### The problem
An exact copy of the listing below is needed, with no pictures in it.

### Records
Content starts

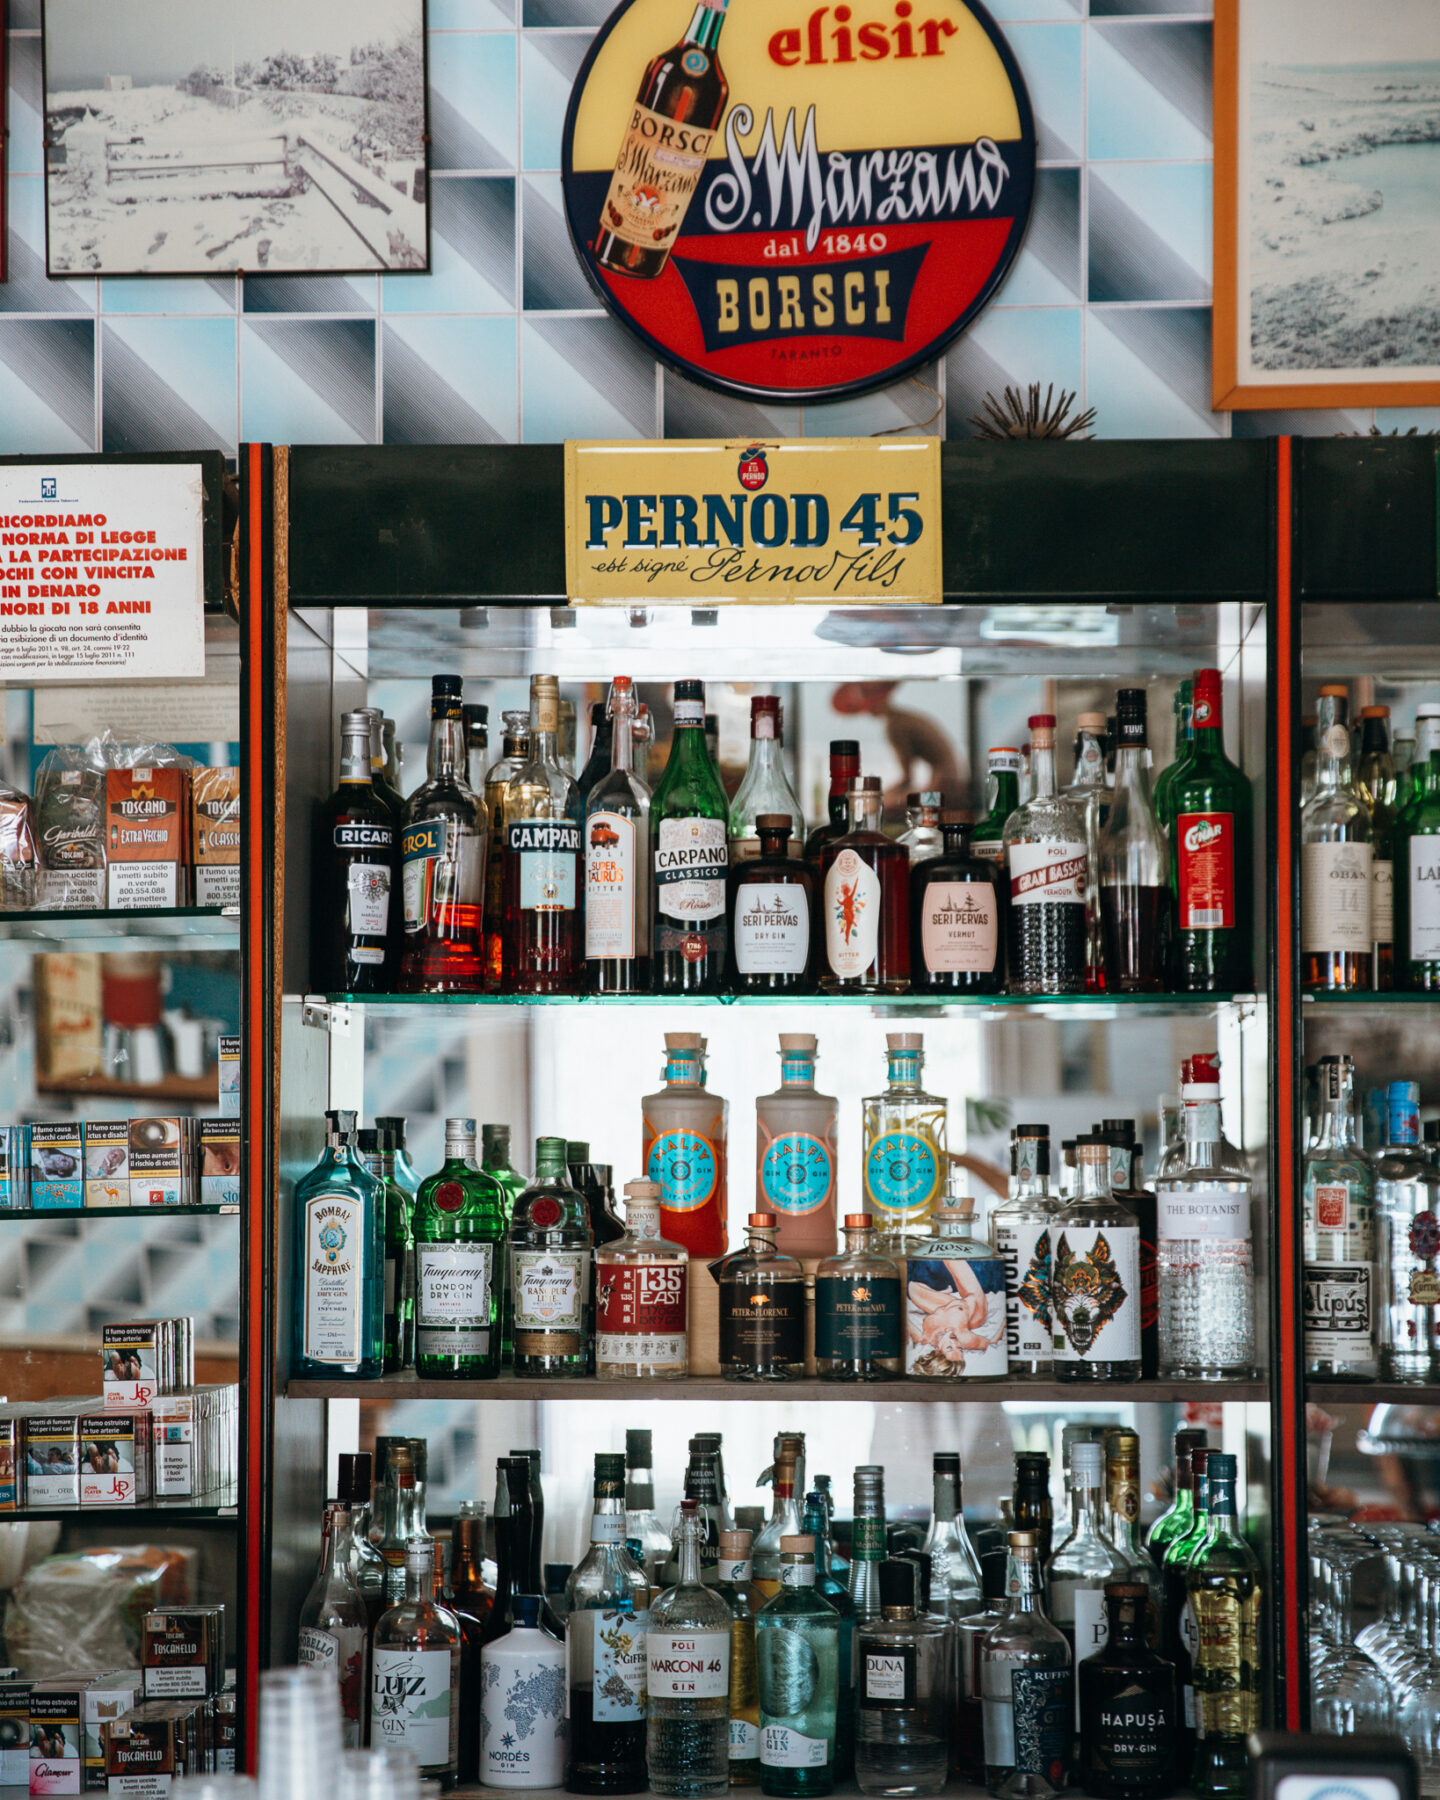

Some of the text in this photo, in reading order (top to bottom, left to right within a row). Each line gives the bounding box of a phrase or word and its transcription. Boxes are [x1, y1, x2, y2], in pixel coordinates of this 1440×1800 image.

[767, 0, 959, 67] elisir
[630, 108, 713, 154] BORSCI
[763, 232, 887, 259] dal 1840
[715, 269, 892, 333] BORSCI
[770, 344, 844, 362] TARANTO
[584, 492, 924, 550] PERNOD 45
[2, 530, 157, 546] NORMA DI LEGGE
[9, 547, 188, 563] LA PARTECIPAZIONE
[40, 566, 78, 580] CON
[84, 565, 156, 580] VINCITA
[590, 557, 627, 573] est
[629, 555, 688, 582] signé
[1, 584, 102, 598] IN DENARO
[51, 602, 71, 616] DI
[78, 601, 100, 615] 18
[105, 600, 152, 615] ANNI
[1, 624, 28, 633] dubbio
[29, 624, 37, 632] la
[38, 625, 67, 635] giocata
[84, 624, 102, 632] sarà
[103, 623, 141, 632] consentita
[9, 634, 48, 643] esibizione
[48, 634, 57, 642] di
[69, 633, 112, 642] documento
[112, 632, 148, 641] d'identità
[21, 645, 37, 654] luglio
[84, 652, 100, 660] luglio
[120, 800, 167, 814] TOSCANO
[43, 823, 97, 844] Garibaldi
[120, 829, 169, 844] EXTRA VECCHIO
[511, 827, 582, 849] CAMPARI
[1184, 824, 1222, 852] CYNAR
[658, 846, 727, 868] CARPANO
[1047, 848, 1068, 856] POLI
[591, 861, 616, 871] SUPER
[116, 871, 169, 879] smetti subito
[588, 867, 624, 883] TAURUS
[665, 867, 719, 881] CLASSICO
[1018, 868, 1047, 892] GRAN
[1329, 870, 1368, 880] OBAN
[117, 896, 130, 904] per
[742, 915, 799, 927] SERI PERVAS
[932, 913, 989, 925] SERI PERVAS
[754, 932, 786, 940] DRY GIN
[32, 1133, 56, 1141] attacchi
[87, 1131, 102, 1139] ictus
[135, 1152, 151, 1160] fumo
[653, 1137, 710, 1162] MALFY
[768, 1141, 825, 1165] MALFY
[873, 1138, 929, 1163] MALFY
[135, 1159, 163, 1167] rischio di
[314, 1205, 352, 1224] BOMBAY
[628, 1212, 655, 1220] KAIKYO
[1166, 1204, 1241, 1216] THE BOTANIST
[311, 1258, 352, 1276] SAPPHIRE
[423, 1263, 483, 1281] Tanqueray
[430, 1283, 473, 1291] LONDON
[430, 1291, 473, 1299] DRY GIN
[640, 1291, 681, 1305] EAST
[731, 1307, 789, 1317] PETER FLORENCE
[835, 1303, 887, 1313] PETER NAVY
[126, 1327, 152, 1335] ostruisce
[122, 1335, 142, 1343] arterie
[153, 1643, 197, 1656] TOSCANELLO
[671, 1642, 695, 1650] POLI
[650, 1659, 722, 1673] MARCONI 46
[867, 1658, 904, 1672] DUNA
[373, 1674, 426, 1696] LUZ
[672, 1682, 695, 1691] GIN
[382, 1718, 406, 1731] GIN
[766, 1728, 789, 1741] LUZ
[766, 1739, 789, 1751] GIN
[116, 1749, 163, 1763] TOSCANELLO
[489, 1750, 530, 1762] NORDÉS
[34, 1762, 74, 1778] Glamour

Content ends

### Solution to the problem
Some of the text in this photo, in reading order (top to bottom, left to right within a row). Each line gives the bounding box of a phrase or word and its transcription. Boxes are [x1, y1, x2, y2], in pixel coordinates of this 1440×1800 image.

[767, 0, 959, 67] elisir
[630, 108, 713, 154] BORSCI
[763, 232, 887, 259] dal 1840
[715, 269, 892, 333] BORSCI
[770, 344, 844, 362] TARANTO
[584, 492, 924, 550] PERNOD 45
[2, 530, 157, 546] NORMA DI LEGGE
[9, 547, 188, 563] LA PARTECIPAZIONE
[40, 566, 78, 580] CON
[84, 565, 156, 580] VINCITA
[590, 557, 627, 573] est
[629, 555, 688, 582] signé
[1, 584, 102, 598] IN DENARO
[51, 602, 71, 616] DI
[78, 601, 100, 615] 18
[105, 600, 152, 615] ANNI
[1, 624, 28, 633] dubbio
[29, 624, 37, 632] la
[38, 625, 67, 635] giocata
[84, 624, 102, 632] sarà
[103, 623, 141, 632] consentita
[9, 634, 48, 643] esibizione
[48, 634, 57, 642] di
[69, 633, 112, 642] documento
[112, 632, 148, 641] d'identità
[21, 645, 37, 654] luglio
[84, 652, 100, 660] luglio
[120, 800, 167, 814] TOSCANO
[43, 823, 97, 844] Garibaldi
[120, 829, 169, 844] EXTRA VECCHIO
[511, 827, 582, 849] CAMPARI
[1184, 824, 1222, 852] CYNAR
[658, 846, 727, 868] CARPANO
[1047, 848, 1068, 856] POLI
[591, 861, 616, 871] SUPER
[116, 871, 169, 879] smetti subito
[588, 867, 624, 883] TAURUS
[665, 867, 719, 881] CLASSICO
[1018, 868, 1047, 892] GRAN
[1329, 870, 1368, 880] OBAN
[117, 896, 130, 904] per
[742, 915, 799, 927] SERI PERVAS
[932, 913, 989, 925] SERI PERVAS
[754, 932, 786, 940] DRY GIN
[32, 1133, 56, 1141] attacchi
[87, 1131, 102, 1139] ictus
[135, 1152, 151, 1160] fumo
[653, 1137, 710, 1162] MALFY
[768, 1141, 825, 1165] MALFY
[873, 1138, 929, 1163] MALFY
[135, 1159, 163, 1167] rischio di
[314, 1205, 352, 1224] BOMBAY
[628, 1212, 655, 1220] KAIKYO
[1166, 1204, 1241, 1216] THE BOTANIST
[311, 1258, 352, 1276] SAPPHIRE
[423, 1263, 483, 1281] Tanqueray
[430, 1283, 473, 1291] LONDON
[430, 1291, 473, 1299] DRY GIN
[640, 1291, 681, 1305] EAST
[731, 1307, 789, 1317] PETER FLORENCE
[835, 1303, 887, 1313] PETER NAVY
[126, 1327, 152, 1335] ostruisce
[122, 1335, 142, 1343] arterie
[153, 1643, 197, 1656] TOSCANELLO
[671, 1642, 695, 1650] POLI
[650, 1659, 722, 1673] MARCONI 46
[867, 1658, 904, 1672] DUNA
[373, 1674, 426, 1696] LUZ
[672, 1682, 695, 1691] GIN
[382, 1718, 406, 1731] GIN
[766, 1728, 789, 1741] LUZ
[766, 1739, 789, 1751] GIN
[116, 1749, 163, 1763] TOSCANELLO
[489, 1750, 530, 1762] NORDÉS
[34, 1762, 74, 1778] Glamour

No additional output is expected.